Historically fertility has received far less attention than it should have, but I am confident the current administration now clearly understands the potential to be gained from targeted investment in this domain. In other words, The Health Ministry has finally woken up to the fact that this is an area where return on any investments made can be maximized to the greatest extent. The therapeutic area of fertility can become a showpiece example of how healthcare provision can be rendered sustainable. The important aspect looking forwards will be to convert this new awareness into results and to implement the program in an effective and coherent manner.

What scope is there for patients to assume greater responsibility for managing their health needs with regards to fertility?

Advancements in patient awareness and autonomy need to be made and screening needs to be mainstreamed to the point where it becomes a standardized and periodic practice that habitually builds a picture of an individual’s healthcare status thus allowing for preventative healthcare. Patients need to break out of a mindset where they wait until they are in their late 30s to consult an obstetrician when everyone knows the fertility success rate is already rapidly decreasing. Efforts must be made to co-opt the patient in management of their health, but this can only be achieved if they are better informed. The government must play its part too by allocating serious investment to this area and ensuring that women over the age of 27 have access to a gynecologist as a matter of course. In the long run, these sorts of up-front investments will pay off multiple times over.

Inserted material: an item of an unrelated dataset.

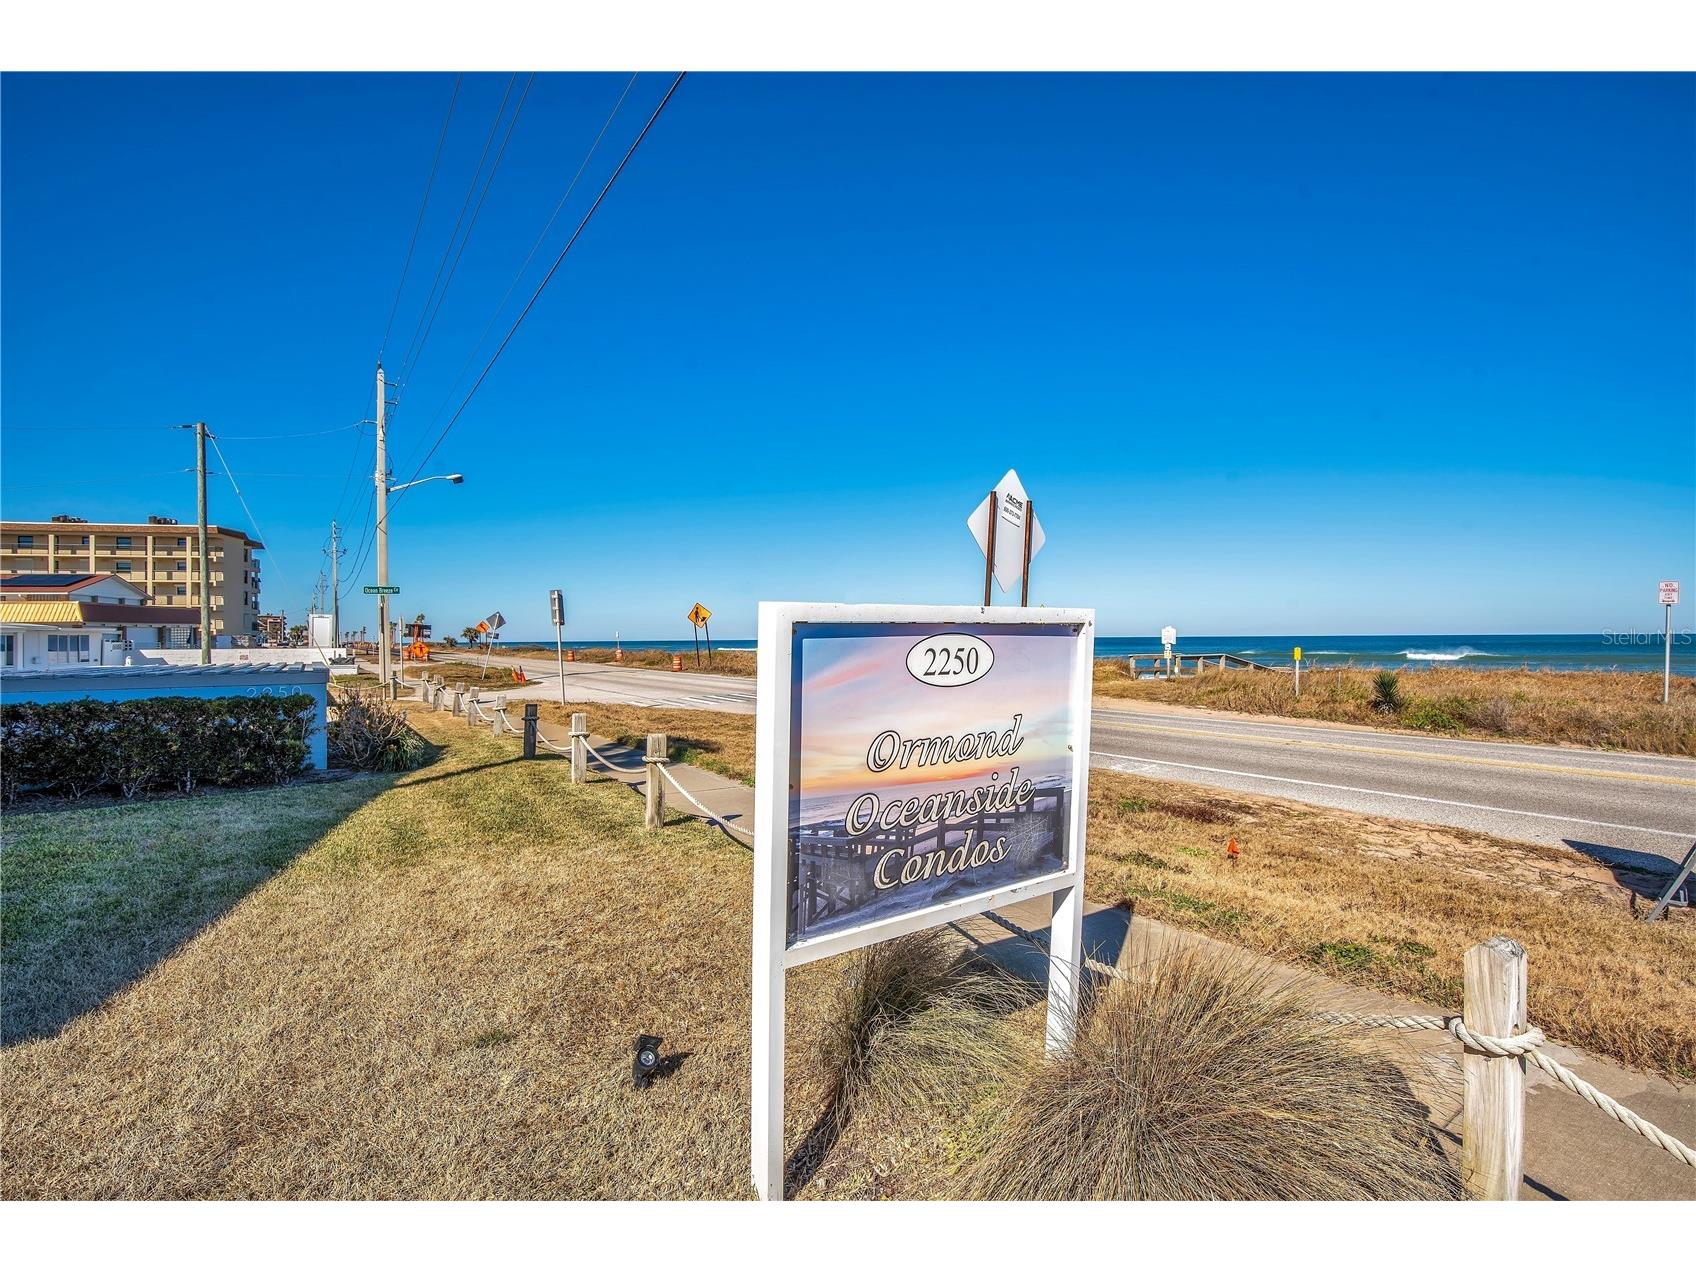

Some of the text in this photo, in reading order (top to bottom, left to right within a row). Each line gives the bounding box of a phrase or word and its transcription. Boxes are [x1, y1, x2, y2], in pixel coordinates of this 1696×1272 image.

[924, 647, 979, 676] 2250
[867, 714, 1024, 772] Ormond
[845, 767, 1036, 836] Oceanside
[873, 829, 1012, 890] Condos

We are at the inception of this process, but I am confident that the new dialogue that is currently underway between the government, patients and the private sector will end up driving the field of fertility to a success rate that is more akin to the rest of Europe.

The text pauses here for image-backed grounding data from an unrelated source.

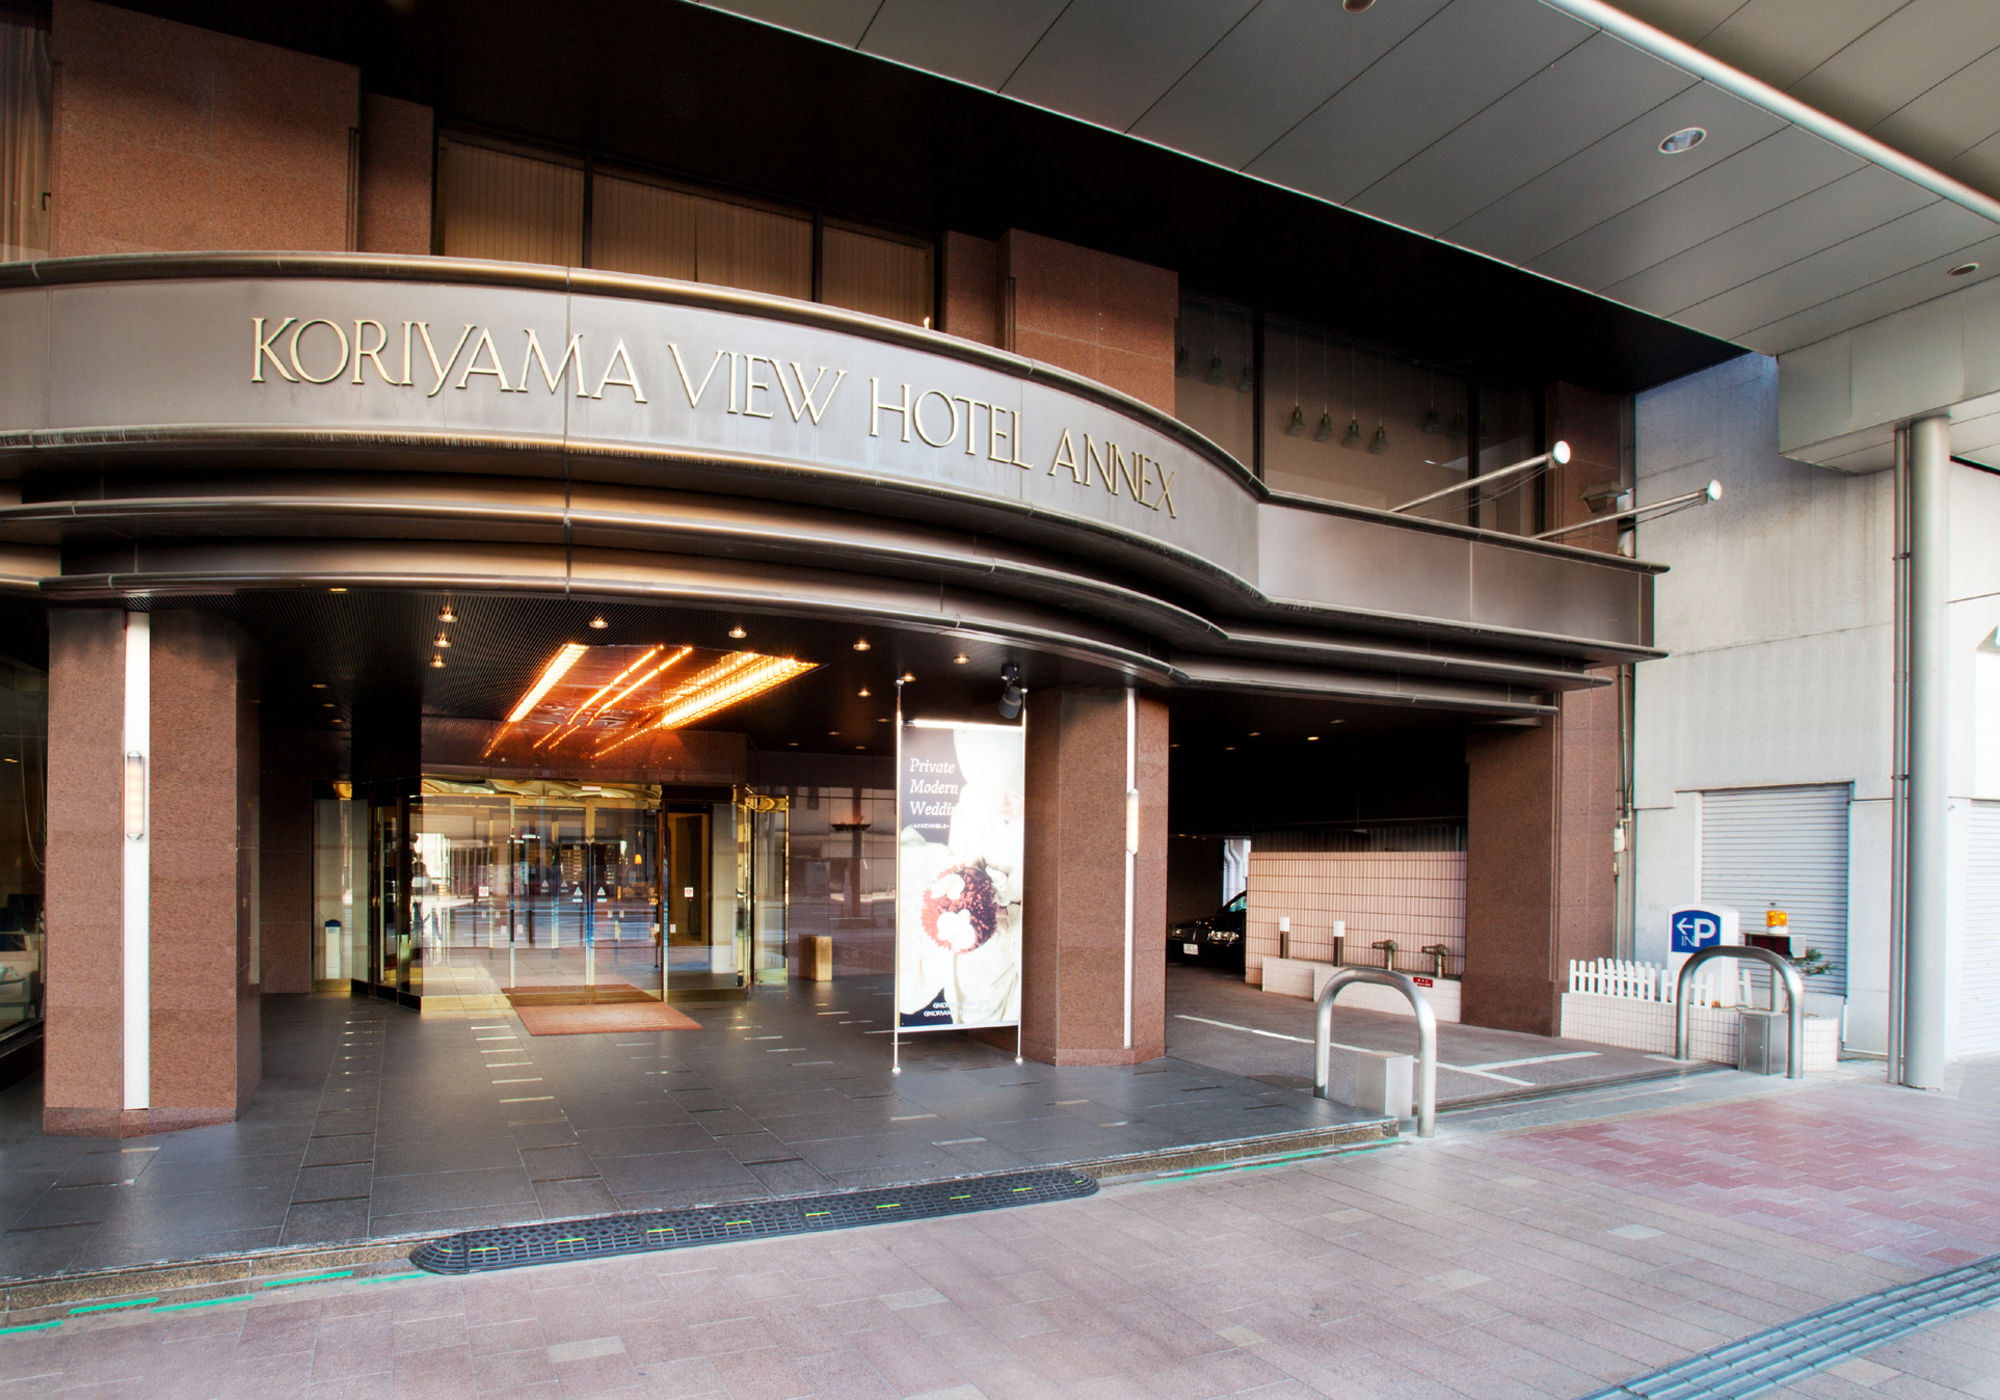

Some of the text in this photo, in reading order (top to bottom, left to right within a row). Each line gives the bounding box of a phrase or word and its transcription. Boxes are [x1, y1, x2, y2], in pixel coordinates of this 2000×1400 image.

[250, 316, 1177, 519] KORIYAMA VIEW HOTEL ANNEX
[909, 758, 955, 774] Private
[909, 779, 959, 795] Modern
[909, 800, 954, 816] Weddi
[1694, 918, 1717, 948] P

Ferring is looking to improve access to modern treatment in Romania. Historically we are active in sensitive therapeutic areas and, by being a family owned company we are much closer to the patient than many of our competitors. Our values strongly correspond to real human needs and this is how we can really make a difference to society for it is our passionate commitment to improving healthcare on the ground that drives the business. We are also staunchly committed to making healthcare more sustainable in Romania and identifying formulas that are successful for the payer, patient and practitioner alike.